"A million liters of water and all the fish inside spilled onto the ground floor" of the hotel complex housing the aquarium, a spokesman for the Berlin fire department told AFP.
Guests at the Radisson Blu hotel reported being woken up by a loud bang and the feeling of a small earthquake, before seeing the destroyed aquarium and wrecked hotel lobby.
Two people suffered light injuries from glass splinters and were taken to hospital and all the fish died.
"It was a full-on tsunami," said Berlin Mayor Franziska Giffey, adding that it was pure luck the incident had happened in the early morning when very few people were around.
"Despite the terrible destruction we're seeing, we're lucky people weren't seriously injured," she told reporters.

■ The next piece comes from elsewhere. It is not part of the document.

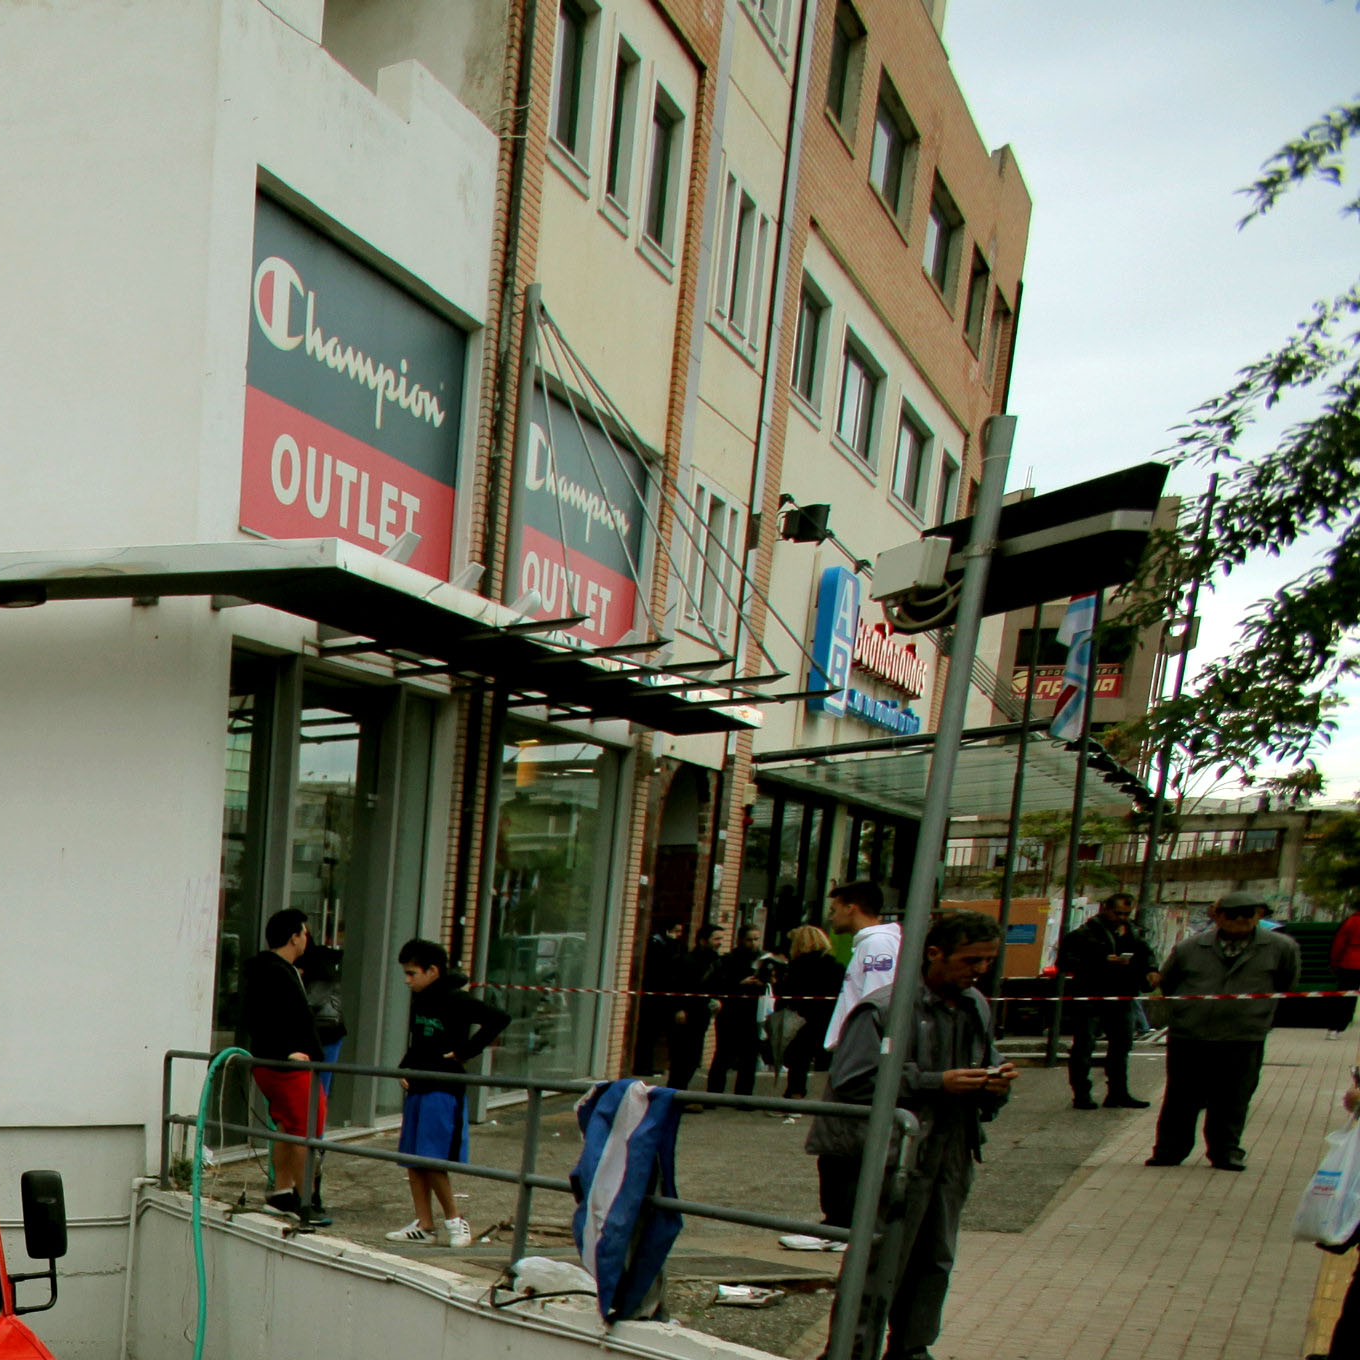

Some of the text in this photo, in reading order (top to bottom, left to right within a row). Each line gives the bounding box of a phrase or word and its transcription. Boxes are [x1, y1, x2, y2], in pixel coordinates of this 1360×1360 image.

[254, 256, 446, 430] Champion
[270, 433, 421, 549] OUTLET
[521, 550, 612, 636] OUTLET

The 1,500 fish in the tank however "could not be saved", Giffey added.
More than 100 emergency workers were at the scene, which was scattered with glass and other debris.
Berlin police said water had "massively" leaked onto the adjoining Karl Liebknecht Street, forcing the partial closure of the major traffic artery. Tram service was also suspended.
The area around the hotel remained sealed off by the early afternoon.
The deluge of water left a path of destruction in its wake, breaking windows and doors and sweeping chairs, tables and plant pots into the street outside the hotel.
Pictures and videos circulating online, apparently from guests staying at the hotel, showed extensive damage to the transparent aquarium, with only the frame still standing.
German lawmaker Sandra Weeser, who was staying at the hotel when the aquarium burst, said she was woken up by "a kind of shockwave".
"There was a slight tremor of the building and my first guess was an earthquake," she told the Berliner Morgenpost newspaper.
The area where the aquarium once stood was now just "dark and wet", she said, recalling how she saw "one of those large parrot fish lying on the ground, frozen".
Around 300 guests were staying at the hotel. They have been evacuated.
The complex that housed the aquarium is also home to the GDR museum, devoted to everyday life in former communist East Germany.
The Bild newspaper said the aquarium had only reopened this summer after a two-year renovation that cost around 2.6 million euros ($2.7 million).